Patter sbuffa, gettando su un angolo della scrivania un pezzo di plastica verde che conteneva una disgustosa caramella alla menta.
"Se non parli non posso aiutarti", continua a cantilenarmi muovendo ritmicamente il collo, e dando l'idea di essere affetto dal morbo di Parkinson.
"Nessuno le ha chiesto di aiutarmi", controbatto sbadigliando.
Dopo la vicenda del bagno mia mamma ha deciso di farmi davvero continuare le sedute con lo psicologo.
Non riesco a capire se lo faccia per punizione di una qualche cosa o per puro odio nei miei confronti.
"Cosa c'era dietro la porta?", sputa dopo un po' Patter, facendomi sobbalzare.
Mi alzo immediatamente dalla poltrona nera, puntandogli un dito contro.
"Questo non le riguarda!", sto quasi urlando.
"Parlane con me, Gerard, ti sentirai meglio!", cerca di convincermi.
Si alza anche lui, venendomi incontro.
"Mi sentirei meglio se tutto questo non fosse successo", ringhio, indietreggiando di qualche passo.
Il Dottore si sfila gli occhiali da vista, massaggiandosi con cura gli occhi stanchi.
Poi si passa una mano sui corti capelli corvini, e sospira pesantemente.
"Qualcuno di tormenta, Gerard?", chiede spazientito improvvisando una specie di sorriso triste.
Scuoto la testa.
"I professori non ti piacciono?", insiste.
"Niente. Che. La riguarda.", ripeto scandendo al meglio le parole.
"Di cosa vuoi parlare, allora?", dice risedendosi dietro la scrivania, e afferrando un quaderno. 
La sua voce è nauseante.
"Voglio parlare del fatto che io non ho bisogno di un FOTTUTO PSICOLOGO!", gli strillo in faccia, chinandomi sul bordo del tavolo di legno.
Lui mi guarda dal basso con un espressione tranquilla.
Poi comincia a muovere delicatamente la testa da destra verso sinistra in segno di negazione.
Lo osservo sospettoso.
"Che tipo è Bob?", domanda con voce pacata.
Grugnisco rumorosamente.
Sto perdendo la pazienza.
La sto perdendo.
Davvero.
Focalizzo il mio sguardo arcigno su Patter, che peró non sembra esserne troppo turbato.
Inizia a fissarmi anche lui.
Si schiarisce la voce.
Stringo i denti.
Stringo anche i pugni.
Patter tossisce.
Rimango impassibile.
Respiro.
Momento di tensione.
"E cosa mi dici della tua classe?".
 E mi getto sulla sua scrivania, facendo cadere tutte le sue inuili scartoffie da strizzacervelli.
L'uomo si alza scattante, cercando inutilmente di fermarmi.
"Gerard! Calmati!", urla, con un'espressione allibita in viso, mentre io scaravento sul pavimento un saggio sulla Pedagogia, strappandone alcune pagine.
Terribile.
Senza darmi il tempo di reagire, lo vedo avvicinarsi, e afferrarmi con fermezza entrambe le spalle.
"Mi lasci andare!", urlo.
Ma lui non sembra cedere.
"Gerard, devi ascoltarmi! Parlane con me, risolveremo tutto!".
Grugnisco, cercando di liberarmi dalla sua presa.
"Io posso aiutarti. E Dio ci accompagnerà in questo percorso!", insiste.
Sgrano gli occhi.
Spalanco la bocca.
Stringo le dita della mano destra fino a graffiarmi la pelle.
Un balzo e un rumore sordo, Patter si ritrova in terra agonizzante con il sangue che scorre copiosamente da una narice.

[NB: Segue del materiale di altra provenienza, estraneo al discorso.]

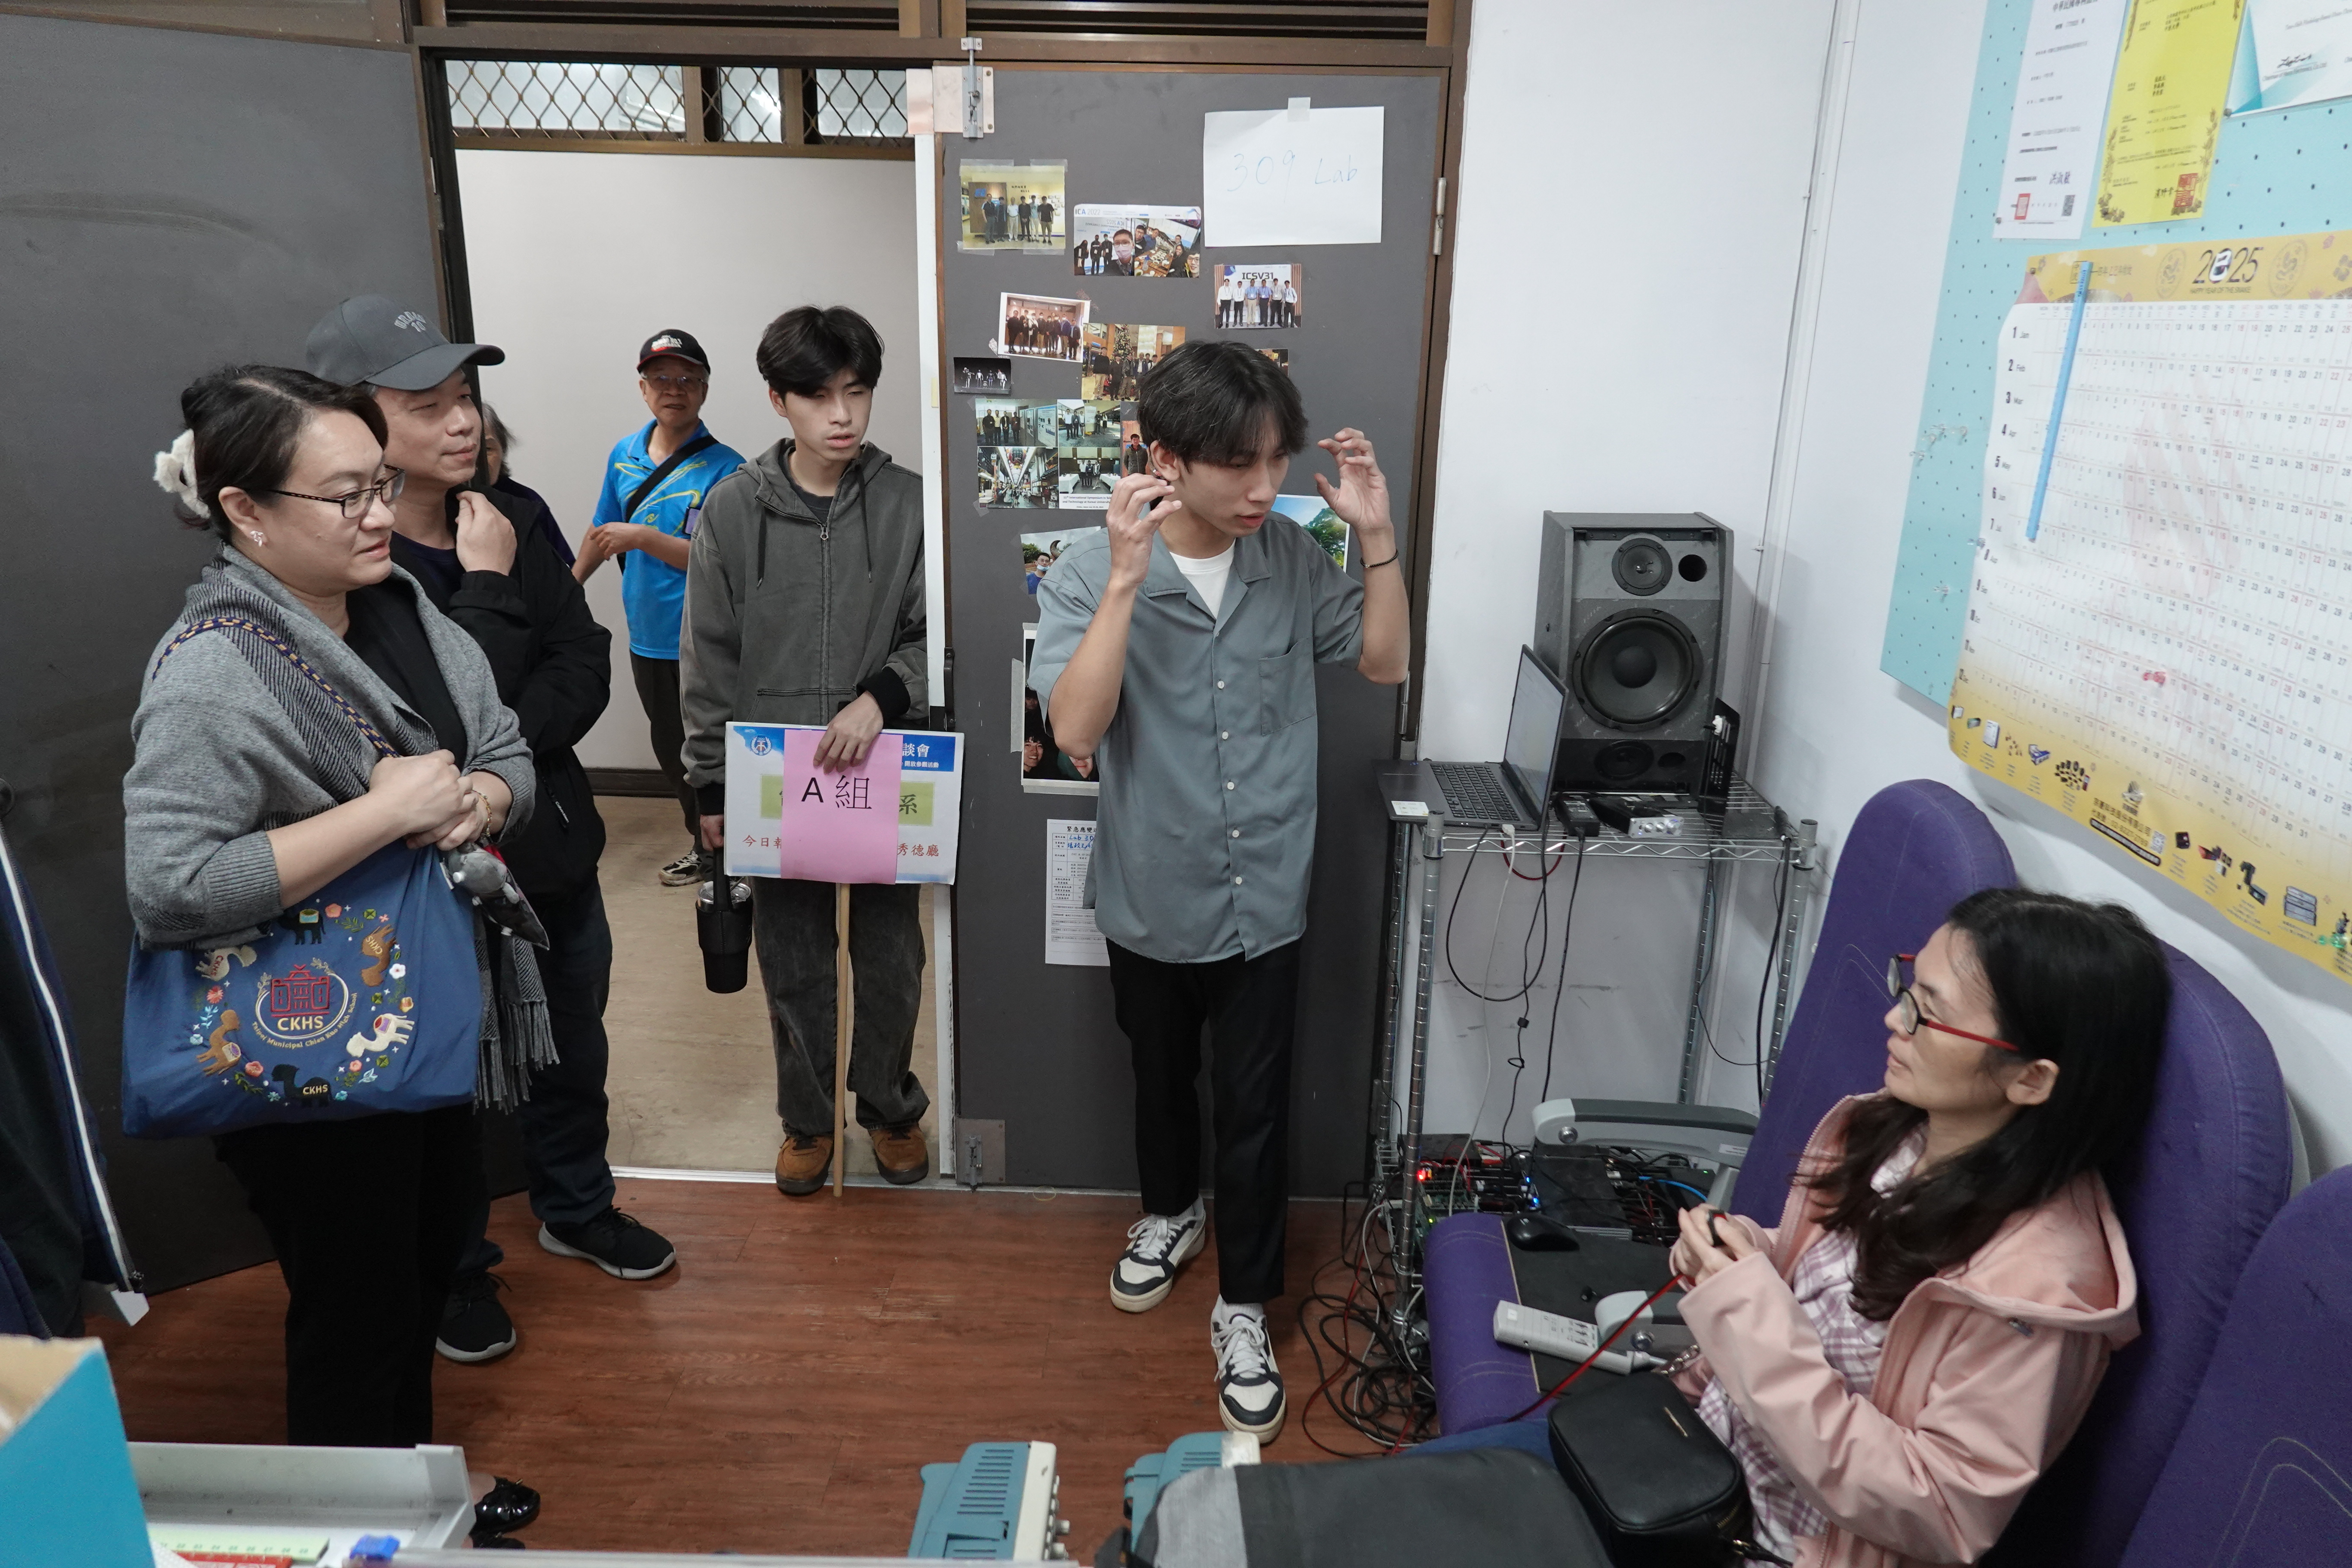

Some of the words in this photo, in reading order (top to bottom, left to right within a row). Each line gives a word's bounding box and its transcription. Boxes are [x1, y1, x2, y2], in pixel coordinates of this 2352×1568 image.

Osservo la mia mano grondante del liquido rossastro, mordendomi un labbro per alleviare il dolore.
Non pensavo che dare un cazzotto potesse fare cosí male.
E invece sì, fa male.
Cazzo se fa male.
Ma soprattutto non pensavo di poter stendere un uomo con un solo gesto.
Le soluzioni sono due.
O sono un supereroe incapace di contenere la mia forza, o Patter è fatto di burro.
Ma ammetto che entrambe non mi convincono completamente.
Dedico un ultimo sguardo allo psicologo, impegnato a rialzarsi lentamente tamponandosi il naso, prima di lasciare la stanza deglutendo.
No, aspettate.
Ritorno indietro.
"Avanti, provi ad invocare il suo Dio. Magari viene a soccorrerla.", esclamo dietro ad un ghigno che trasmette una certa cattiveria.
Patter geme dal dolore, e io mi allontano correndo.

Il pavimento lucido dell'ospedale non agevola affatto i miei movimenti.
Sono costretto a farmi forza con le pareti che mi circondano, per evitare di scivolare in terra.
Riesco comunque a mantenere un passo veloce, e in men che non si dica mi ritrovo catapultato all'uscita del reparto Psichiatrico.
Mi accascio in un angolo, respirando affannosamente e cercando di ristabilizzare il battito cardiaco.
Correre negli ospedali dovrebbe diventare uno sport.
Con un mano mi scosto una ciocca di capelli dal viso, e senza un apparente motivo, sorrido.
Per la prima volta, sono uscito dallo studio di Patter prima che la seduta fosse finita.
Probabilmente mia madre mi segregherà in casa legato ed imbavagliato, ma credetemi, ne è valsa la pena.
No, non mi sento un ribelle.
Mi sento un ragazzo di sedici anni.
Nient'altro.

E sono pronto per alzarmi da quest'enorme fosso che mi ancora alla piccolezza di un mondo troppo semplice.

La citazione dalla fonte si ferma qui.